Londoners Are Learning to Eat Their Taxidermy. Sort of.
CC image from Flickr The trend waxes and wanes, but for the past few years, the hottest thing in hipster...
CC image from Flickr
The trend waxes and wanes, but for the past few years, the hottest thing in hipster home-decorating has been taxidermy. Everything from tattered deer mounts to stuffed mice sell for astronomical amounts to urban dwellers looking to up their cool credibility. Now it seems, hipsters have figured out those antlers and hides were once actually part of animals that could be eaten. According to an article in The Daily Beast with the ridiculous title “Edible Taxidermy: It’s A Good Thing” London hipsters attended a class where they learned the basic of taxidermy while a chef prepared the meat of the rabbits that were skinned for the demonstration.

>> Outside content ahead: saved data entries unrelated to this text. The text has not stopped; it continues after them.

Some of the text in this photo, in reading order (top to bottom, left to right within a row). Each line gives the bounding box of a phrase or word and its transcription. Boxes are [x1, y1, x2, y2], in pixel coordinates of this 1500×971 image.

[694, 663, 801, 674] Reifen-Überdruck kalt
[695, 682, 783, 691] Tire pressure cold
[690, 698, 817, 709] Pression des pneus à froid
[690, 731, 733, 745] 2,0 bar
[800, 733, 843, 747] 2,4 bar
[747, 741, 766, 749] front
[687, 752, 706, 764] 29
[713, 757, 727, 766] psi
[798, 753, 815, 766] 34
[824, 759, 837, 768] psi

“I’m a conservationist and I very much believe in recycling and utilizing every part of the animal. I always eat my taxidermy within reason,” says Kaye. Wood pigeon, pheasant, partridge, grouse, peacocks, hares, wild rabbits, and waterfowl are all dietary staples. Domestic animals are off limits not only because they’re bred on an unnatural diet, but because “the animal belonged to someone, so I believe eating it would be an invasion of privacy.”
Before Kaye, edible taxidermy had not yet been introduced to the mainstream on an educational level. Now, as this sub-trend continues to gain cultural traction, Kaye hopes to clarify misconceptions about the practice and honor the animals she’s preserving in her work. “Even though they’ve passed away, you have an opportunity to give them a new life,” says Kaye. “There’s no better way to do that animal justice.”
Skipping over the obvious point that, no, taxidermy isn’t actually edible, I do agree with the writer’s point. Educating people, typically urbanites, that there was once an animal attached to the trendy elk antlers hanging in their Brooklyn walk-ups is a good thing. And yes, those animals are made of meat—delicious, healthy meat at that. Connecting those two points offers an understanding of the natural world that, maybe, will sway a few anti-hunters our way once they understand, yes, we may hang parts of the animals we hunt in our homes, but we eat those animals too.